Monday, April 29, 2013

William Anderson, MA, LMHC: Success in Weight Loss, as in Life, Is a Result of Good Mental Health

William Anderson, MA, LMHC: Success in Weight Loss, as in Life, Is a Result of Good Mental Health

Recently, I was a guest on Health IQ with Heidi Godman, a one-hour talk show hosted by Heidi Godman, executive editor of the Harvard Health Letter. When she was the ABC7 medical editor, I was a frequent guest, talking about my book, my weight-loss program, and permanent weight loss.

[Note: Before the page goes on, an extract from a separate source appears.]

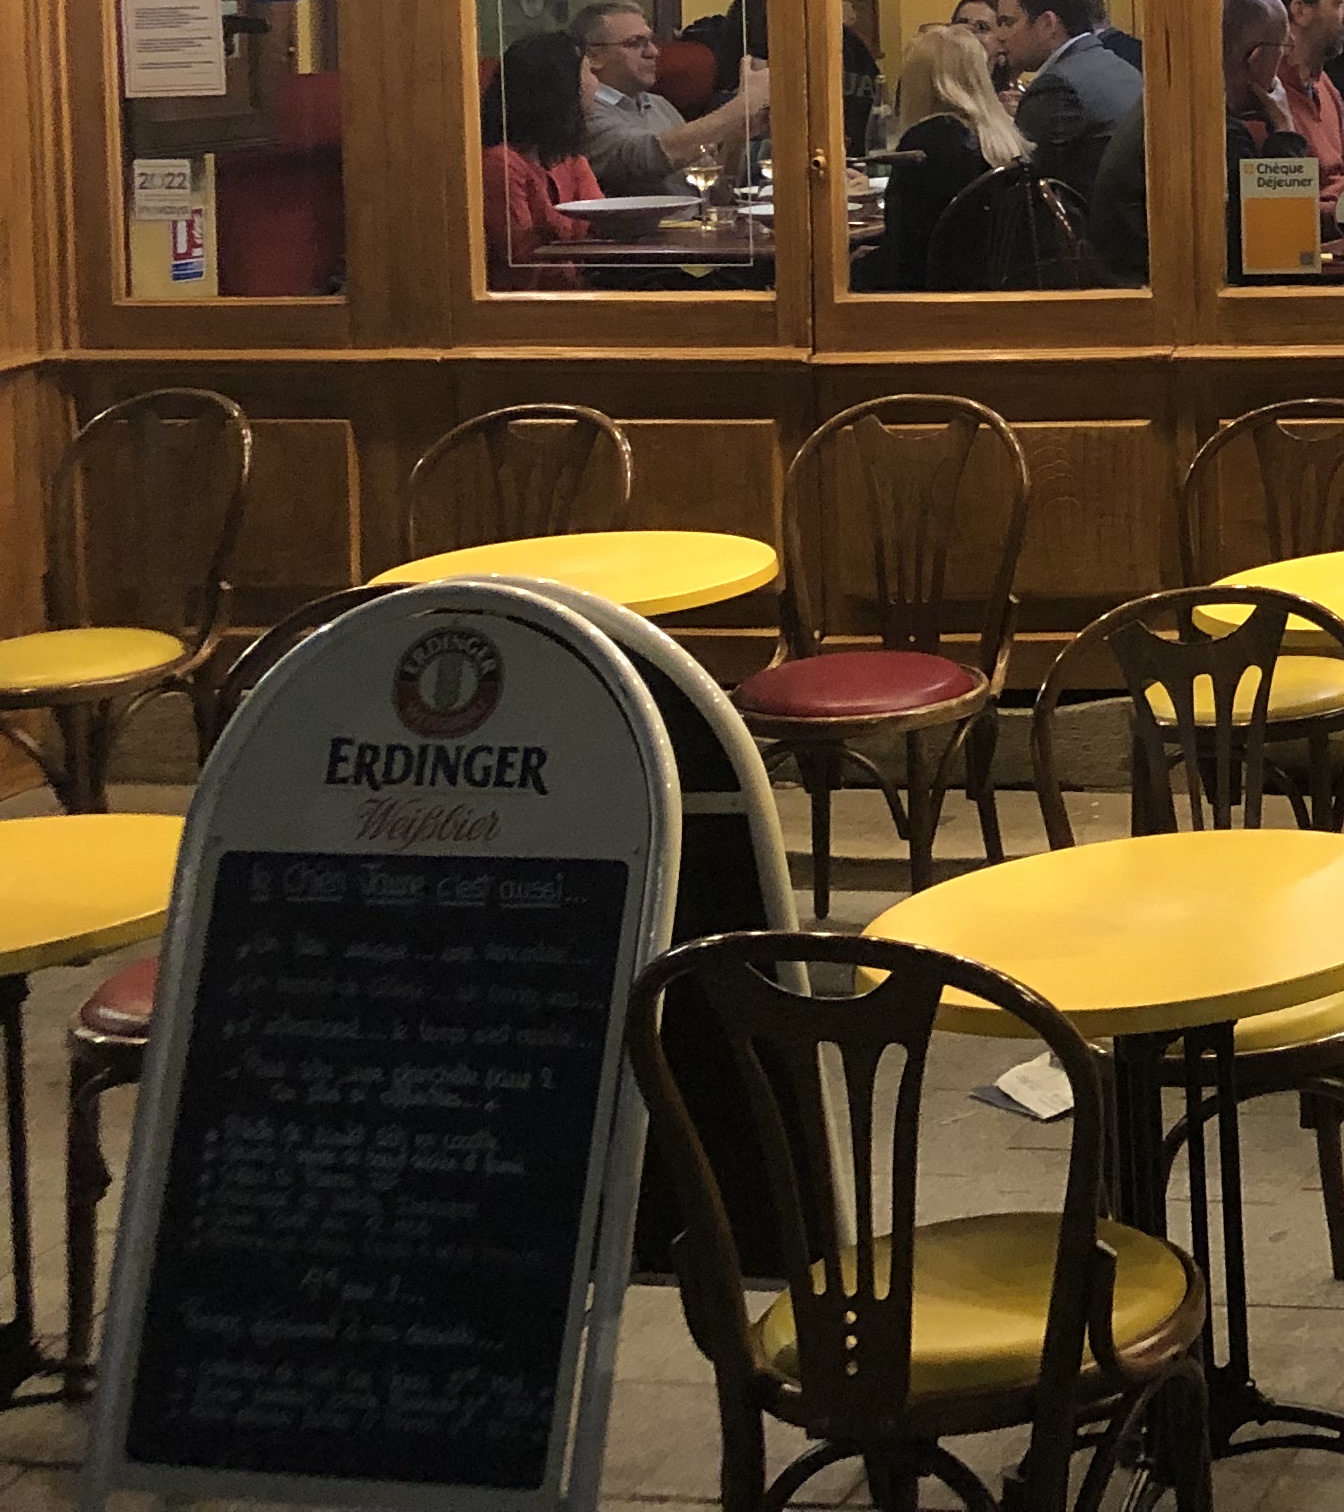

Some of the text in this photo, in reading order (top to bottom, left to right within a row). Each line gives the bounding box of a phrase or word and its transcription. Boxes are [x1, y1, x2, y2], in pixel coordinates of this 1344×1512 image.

In the call-in segments during the TV shows, Heidi asked about "tips" and "tricks" that would solve the problem, and callers asked about what diets work best, what to eat and what not to eat. Heidi and the callers were always frustrated, because my answers were not what they thought they should be. We don't use diets. There are no lists of what to eat and what to avoid. We eat what we like and develop habits of eating the right caloric volumes. No, we don't have to exercise to lose weight. My answers flew in the face of what they believed about weight loss. They wanted what I say to sound like what they have heard other "experts" say, but it doesn't. It won't, because rather than diets, the real solution is in creating good mental health -- the thinking, beliefs, habits and attitudes that will generate healthy behavior and a healthy body. The solution is in training the mind to produce the result you want, like an athlete or musician trains himself to produce success in what they want. Success is not a matter of tips, tricks, choosing what instrument to play, what diet to try or simply wanting it badly enough. The solution is a matter of learning the mental skills that will produce the result, and then training in those skills until they become the way you think and live, habitually.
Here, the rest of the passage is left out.